Join us in Atlanta on April 10th as we take a look at the security workforce landscape. Let’s explore the vision, benefits, and use cases of AI for security teams. Request an invitation here.
A new study from Google's DeepMind research division finds that artificial intelligence systems can outperform human fact-checking systems when assessing the accuracy of information generated from large-scale language models.
The paper, titled “Long-form Factuality in Large Language Models,” published on the preprint server arXiv, introduces a method called Search-Augmented Factuality Evaluator (SAFE). SAFE uses large-scale language models to classify generated text into individual facts, then uses Google search results to verify the accuracy of each claim.
“SAFE leverages LLM to break down long-form responses into a series of individual facts, send queries to Google Search, and evaluate the accuracy of each fact using a multi-step reasoning process that determines whether the facts are supported by Google Search. .Search results,” the author explained.
'Superhuman' acting controversy sparks
Researchers compared SAFE with human annotators on a dataset of approximately 16,000 facts and found that SAFE's ratings matched human ratings 72% of the time. More notably, in a sample of 100 discrepancies between SAFE and human raters, SAFE's judgments were found to be correct in 76% of cases.
VB events
AI Impact Tour – Atlanta
invitation request
Although the paper claims that “LLM agents can achieve superhuman assessment performance,” some experts question what “superhuman” really means here.
Gary Marcus, a prominent AI researcher and frequent critic of exaggerated claims, suggested on Twitter that “superhuman” in this case may simply “mean better than a low-paid crowd worker rather than a truly human fact-checker.”
“It makes the characterization misleading,” he said. “It’s like saying chess software in 1985 was superhuman.”

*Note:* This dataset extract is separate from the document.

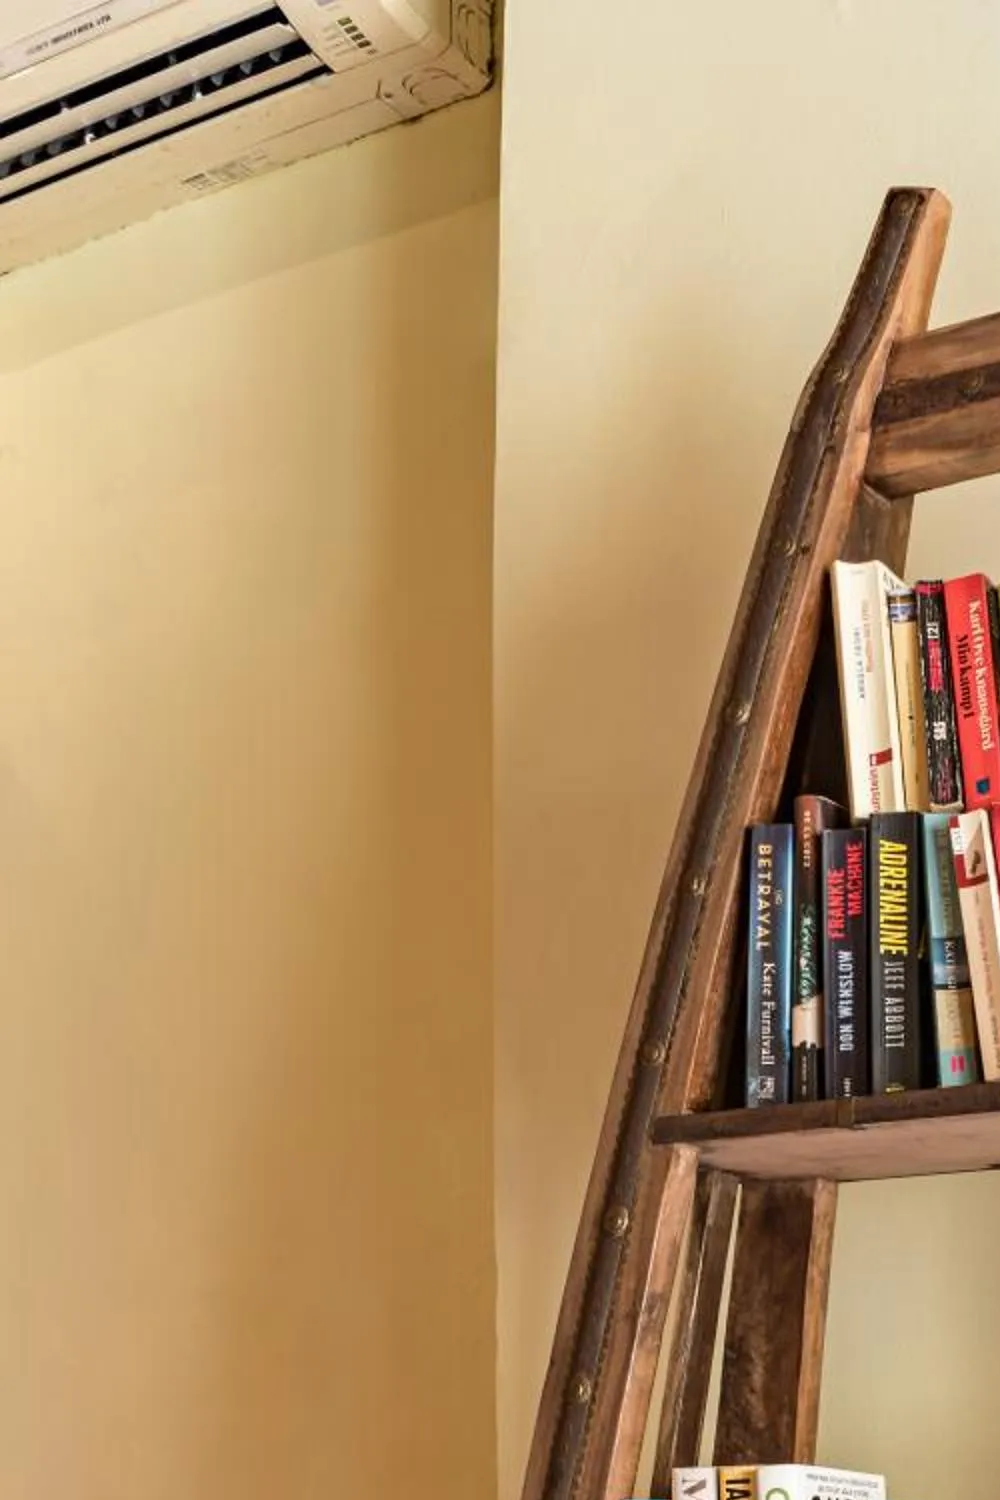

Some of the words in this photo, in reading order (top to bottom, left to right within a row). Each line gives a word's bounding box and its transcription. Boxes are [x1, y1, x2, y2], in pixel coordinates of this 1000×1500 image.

Marcus raises a valid point. To truly demonstrate superhuman performance, SAFE must be benchmarked against professional human fact-checkers as well as crowdsourcing workers. The specific details of human evaluators, including qualifications, compensation, and fact-checking processes, are important to properly contextualize results.
Reduce costs and benchmark top models
One of the obvious advantages of SAFE is its cost. Researchers found that using an AI system is about 20 times cheaper than using human fact-checkers. As the amount of information generated by language models continues to explode, it will become increasingly important to have economical and scalable ways to verify claims.
The DeepMind team used SAFE to evaluate the factual accuracy of 13 high-level language models across four families (Gemini, GPT, Claude, and PaLM-2) in a new benchmark called LongFact. Their results indicate that larger models generally produce fewer counterfactual errors.
However, even the best performing models generated a significant number of false claims. This highlights the danger of relying too heavily on language models that can fluently represent inaccurate information. Automated fact-checking tools like SAFE can play an important role in mitigating these risks.
Transparency and human baselines are important
The SAFE code and LongFact dataset are open sourced on GitHub so other researchers can scrutinize and build on the work, but more transparency is still needed about the human criteria used in the study. To assess SAFE's capabilities in the appropriate context, it is essential to specifically understand the backgrounds and processes of crowd workers.
As tech giants race to develop more powerful language models for applications ranging from search to virtual assistants, the ability to automatically fact-check the output of these systems could play a pivotal role. Tools like SAFE represent an important step toward building new layers of trust and accountability.
However, it is important that the development of these important technologies is done openly, beyond the walls of a single company, and with input from a wide range of stakeholders. To measure true progress, rigorous and transparent benchmarking of human experts, not just crowdwork, is essential. Only then can we measure the real-world impact of automated fact-checking in the fight against misinformation.